◆ Exercise data
● ● ● ● ● ● ●
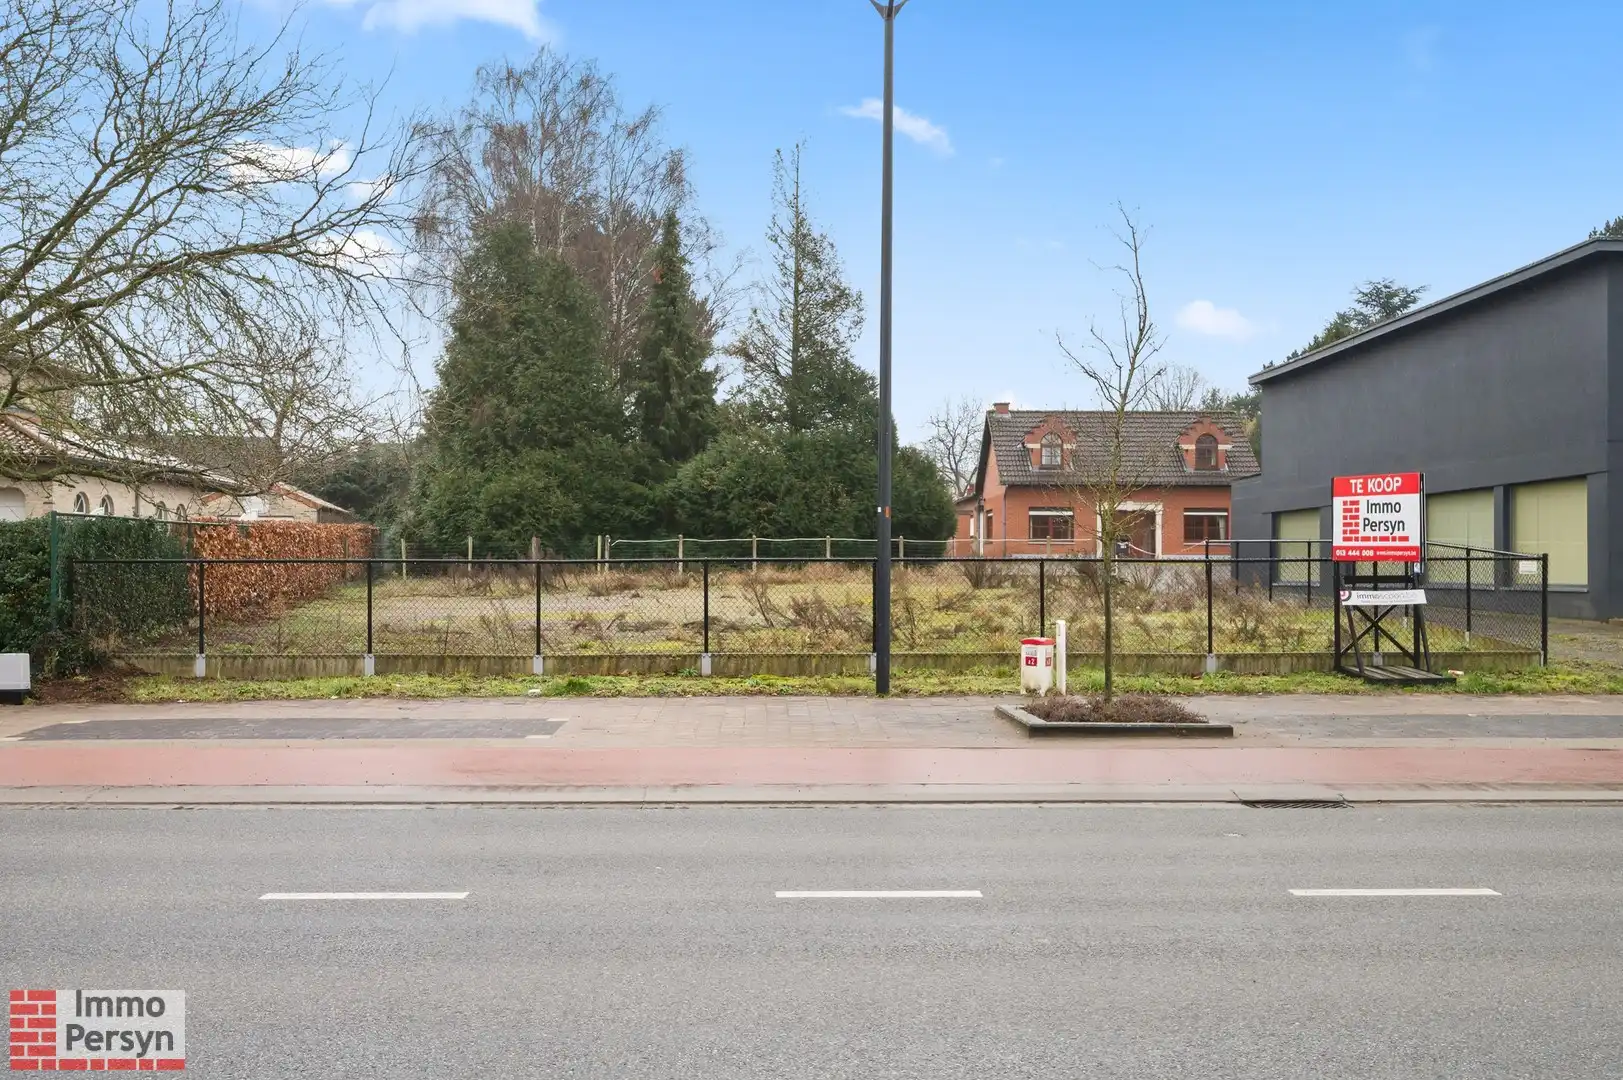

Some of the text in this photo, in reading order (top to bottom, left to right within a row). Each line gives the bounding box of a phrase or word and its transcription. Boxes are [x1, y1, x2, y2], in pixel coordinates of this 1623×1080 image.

[1350, 476, 1402, 493] TE KOOP
[1366, 499, 1402, 514] Immo
[1363, 517, 1405, 535] Persyn
[1347, 549, 1360, 557] 444
● ● ● ● ● ● ●
◆ Exercise prompt
None of the pictures should be copied, but every record above must be restated in full.

◆ Answer to the problem
Some of the text in this photo, in reading order (top to bottom, left to right within a row). Each line gives the bounding box of a phrase or word and its transcription. Boxes are [x1, y1, x2, y2], in pixel coordinates of this 1623×1080 image.

[1350, 476, 1402, 493] TE KOOP
[1366, 499, 1402, 514] Immo
[1363, 517, 1405, 535] Persyn
[1347, 549, 1360, 557] 444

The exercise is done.